Governor Andrew Cuomo issued an executive order on Sunday, which aims to protect the homeless during weather where temperatures are 32 degrees or below.

The order — which will take effect on Jan. 5 — will make sure that these individuals are directed to shelter and will also require homeless shelters to extend their hours of operations. The state is expected to help any local communities if they lack facilities, resources or expertise.

If a homeless individual refuses to go to a shelter, they can also be taken involuntarily to prevent them facing any harm — such as hypothermia, serious injury or death.

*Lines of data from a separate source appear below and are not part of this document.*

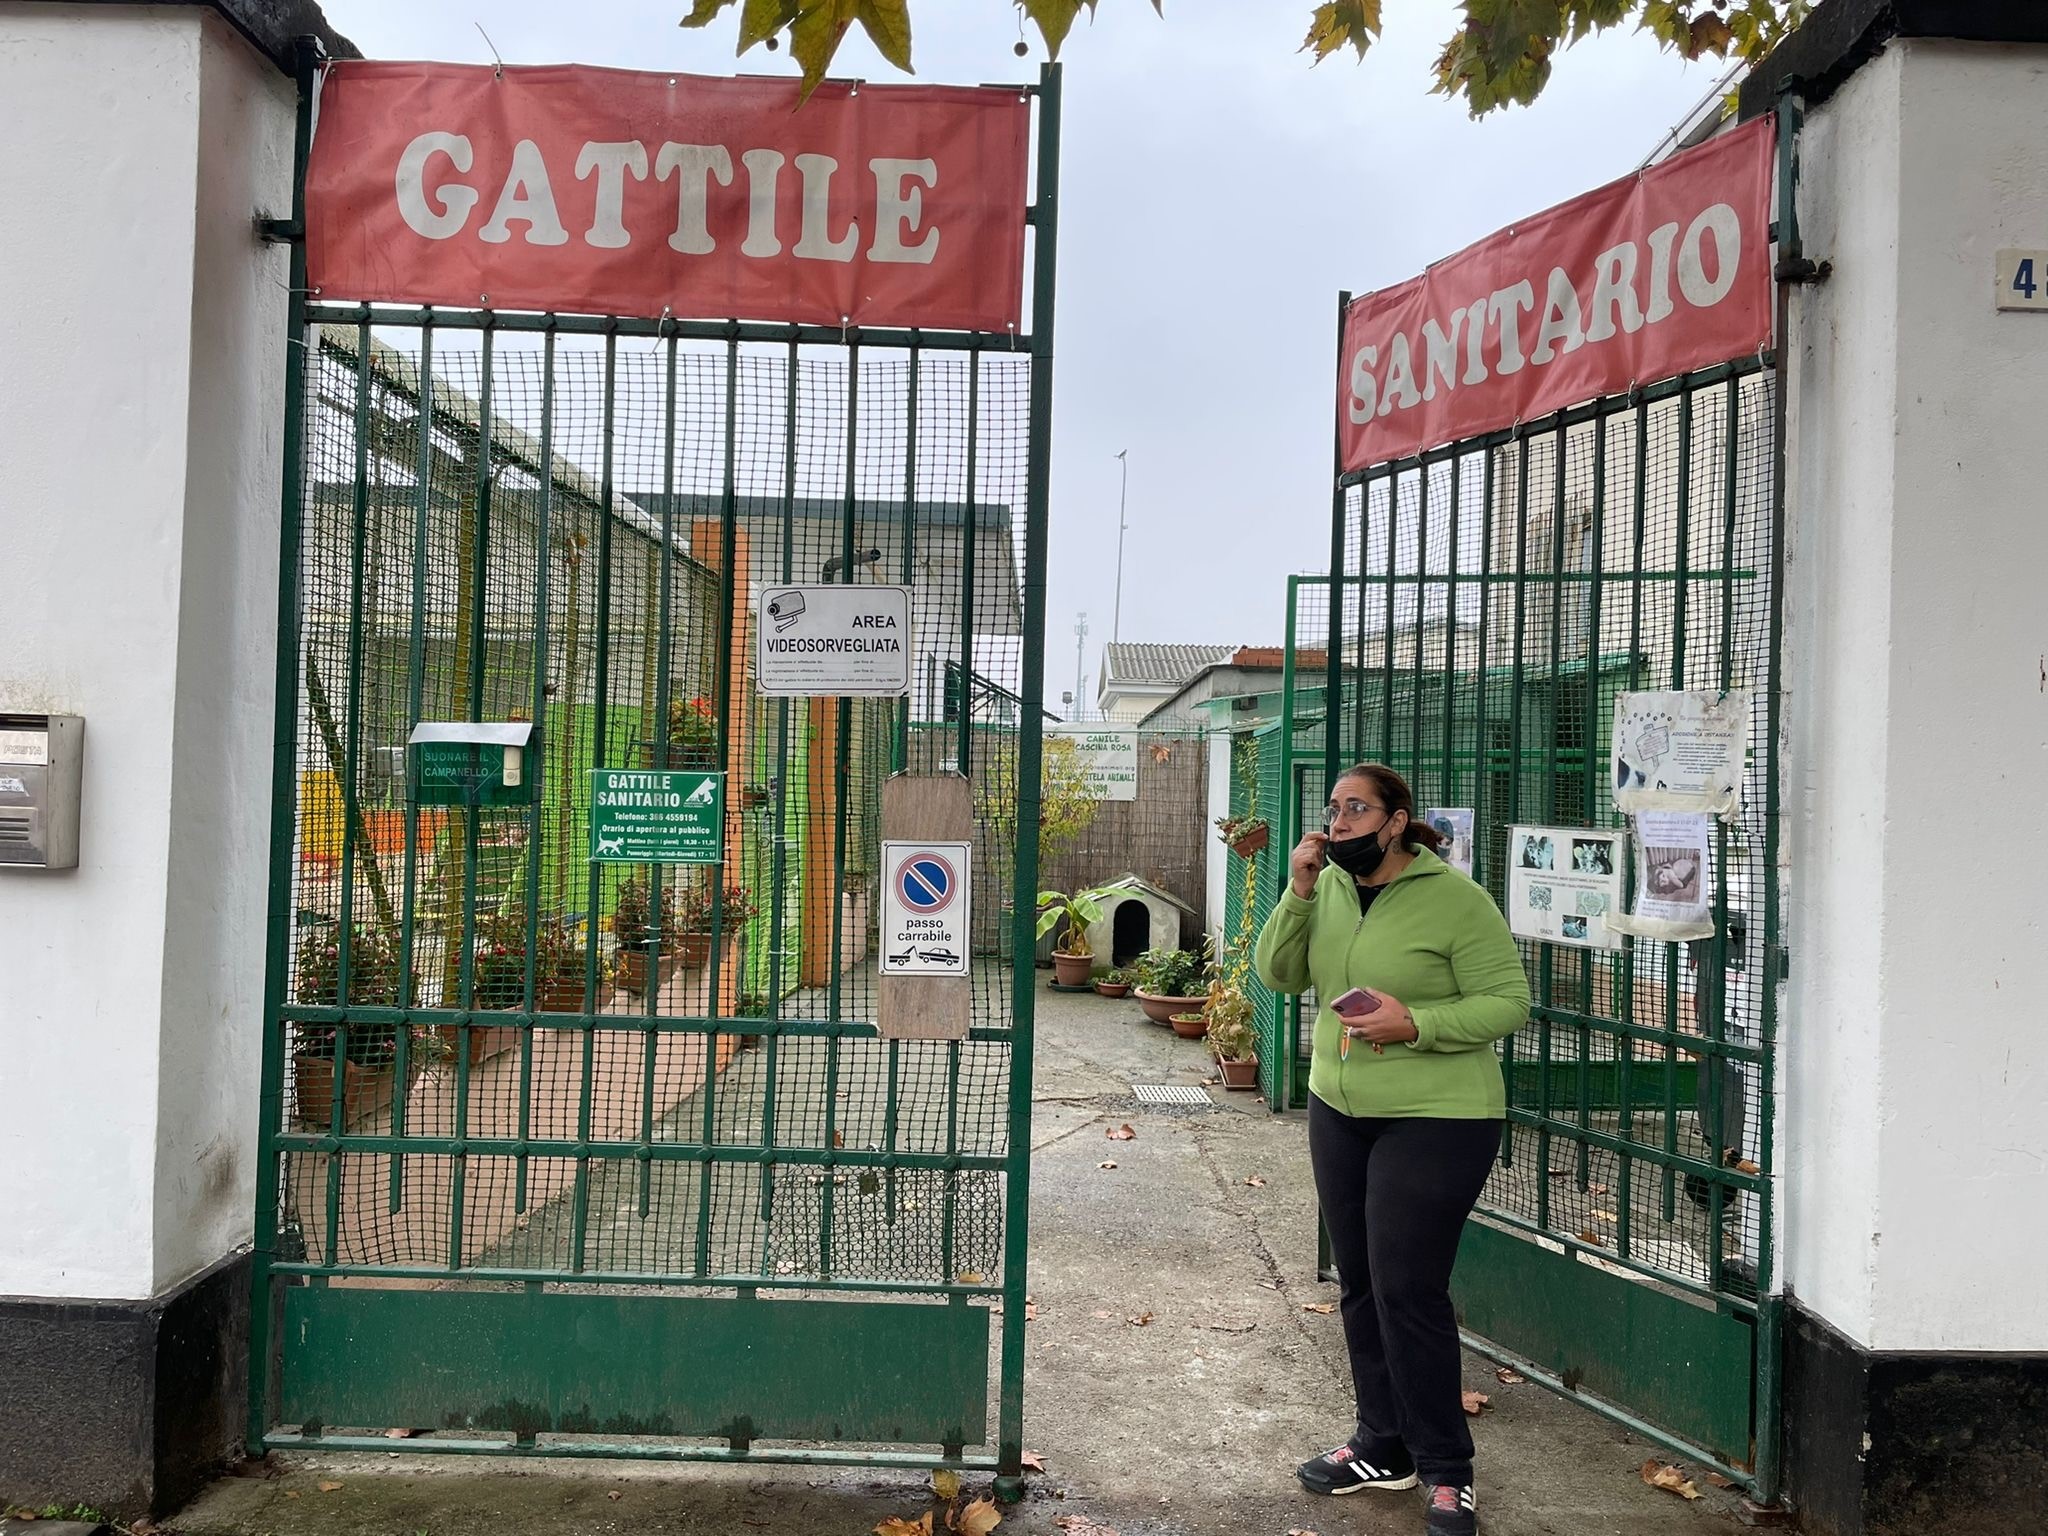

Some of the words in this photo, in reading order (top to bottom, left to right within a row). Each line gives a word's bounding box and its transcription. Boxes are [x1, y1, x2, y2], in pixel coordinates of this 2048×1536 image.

[395, 130, 940, 264] GATTILE
[2013, 258, 2048, 299] 4
[1348, 203, 1741, 425] SANITARIO
[852, 615, 897, 628] AREA
[766, 638, 901, 653] VIDEOSORVEGLIATA
[1086, 735, 1121, 743] CANILE
[3, 743, 43, 756] POSTA
[1075, 743, 1108, 751] CASCINA
[1111, 743, 1132, 751] ROSA
[424, 752, 477, 762] SUONARE
[479, 752, 489, 762] IL
[424, 767, 489, 777] CAMPANELLO
[1107, 773, 1135, 782] ANIMALI
[608, 774, 671, 789] GATTILE
[597, 792, 680, 807] SANITARIO
[614, 812, 648, 821] Telefono:
[601, 824, 625, 833] Orario
[626, 824, 634, 833] di
[635, 825, 668, 835] apertura
[669, 826, 677, 834] al
[678, 826, 711, 836] pubblico
[906, 919, 944, 930] passo
[897, 930, 952, 942] carrabile

“It is imperative that the state act to ensure that such aid, care and support is provided to address the needs of the state’s homeless population, which need is further heightened during the winter months,” Cuomo said in the executive order.

Cuomo also added directed all communities to ensure that facilities used for temporary housing are safe, clean, well maintained and supervised.

According to the New York Daily News, the emergency declaration is just the first part of what will be the governor’s comprehensive plan to address homelessness. He plans to unveil the complete plan during his State of the State address on Jan. 13.


As part of the plan, communities will be required to come up with housing and supportive service networks which are created to meet the “specific needs of each subgroup within the homeless population” — such as mentally ill individuals or domestic violence victims.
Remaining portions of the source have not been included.